PROBLEM DESCRIPTION: The output is a word-for-word repeat of the listing below, free of images.

%%

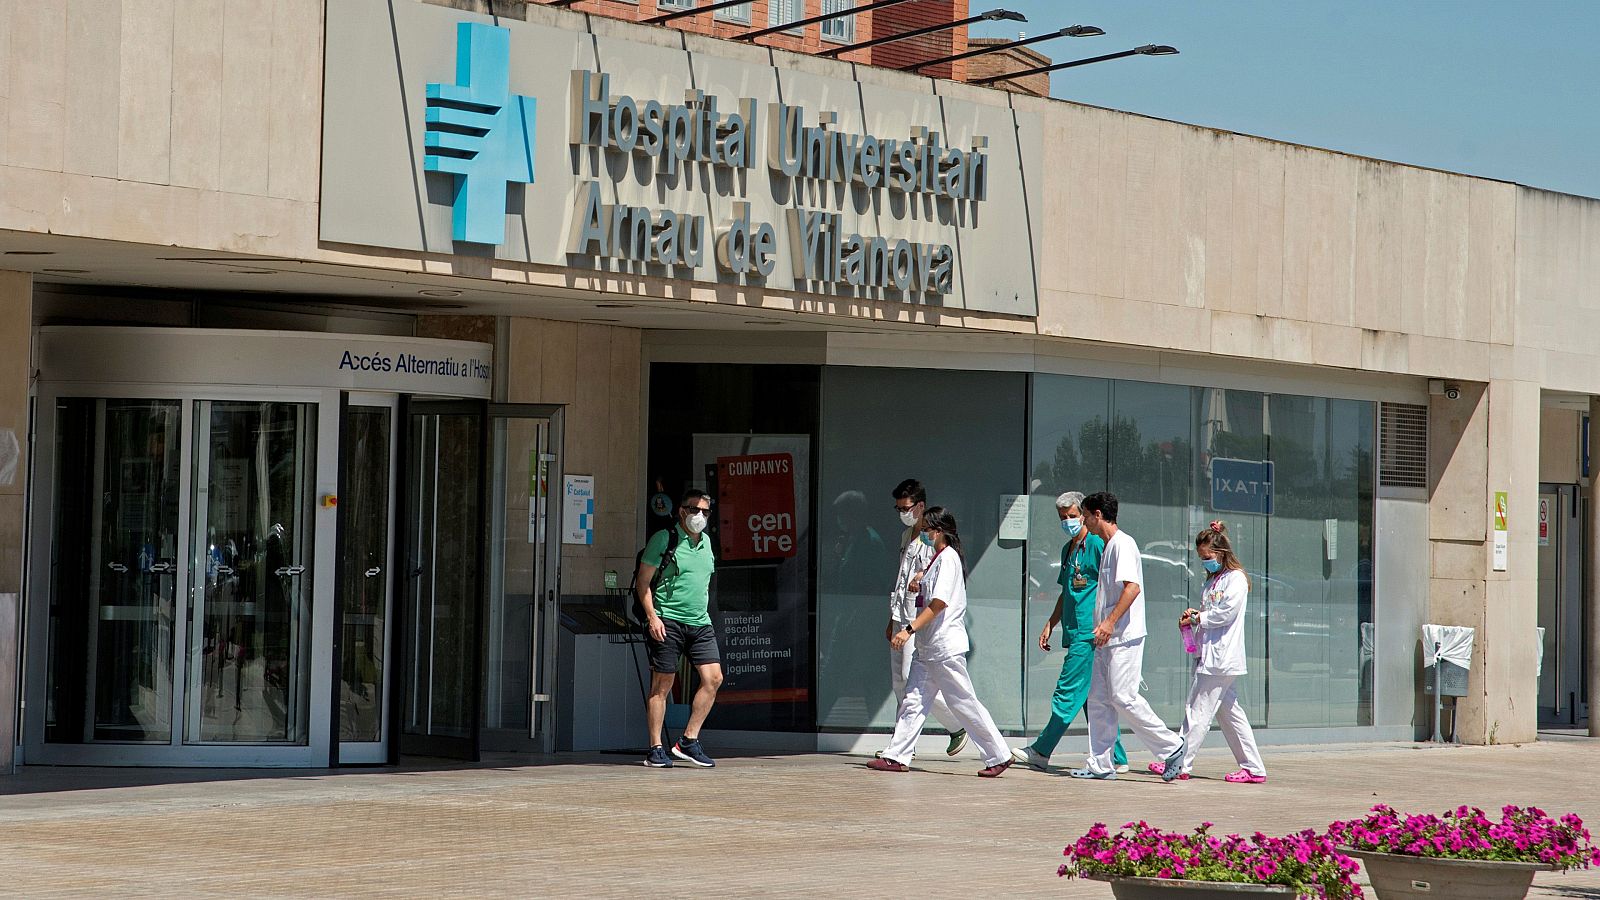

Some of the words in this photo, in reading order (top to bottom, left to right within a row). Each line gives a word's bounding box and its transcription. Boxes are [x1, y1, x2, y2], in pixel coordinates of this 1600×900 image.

[570, 70, 758, 175] Hospital
[768, 103, 988, 202] Universitari
[567, 181, 704, 269] Arnau
[718, 202, 776, 277] de
[787, 209, 953, 294] Vilanova
[339, 351, 391, 371] Accés
[395, 354, 459, 377] Alternatiu
[461, 363, 468, 377] a
[729, 460, 789, 476] COMPANYS
[747, 512, 791, 532] cen
[752, 532, 792, 553] tre
[724, 614, 762, 625] material
[725, 624, 760, 634] escolar
[725, 636, 729, 646] i
[731, 635, 771, 646] d'oficina
[726, 650, 750, 661] regal
[752, 647, 791, 659] informal
[726, 663, 767, 675] joguines

%%

RESPONSE:
Some of the words in this photo, in reading order (top to bottom, left to right within a row). Each line gives a word's bounding box and its transcription. Boxes are [x1, y1, x2, y2], in pixel coordinates of this 1600×900 image.

[570, 70, 758, 175] Hospital
[768, 103, 988, 202] Universitari
[567, 181, 704, 269] Arnau
[718, 202, 776, 277] de
[787, 209, 953, 294] Vilanova
[339, 351, 391, 371] Accés
[395, 354, 459, 377] Alternatiu
[461, 363, 468, 377] a
[729, 460, 789, 476] COMPANYS
[747, 512, 791, 532] cen
[752, 532, 792, 553] tre
[724, 614, 762, 625] material
[725, 624, 760, 634] escolar
[725, 636, 729, 646] i
[731, 635, 771, 646] d'oficina
[726, 650, 750, 661] regal
[752, 647, 791, 659] informal
[726, 663, 767, 675] joguines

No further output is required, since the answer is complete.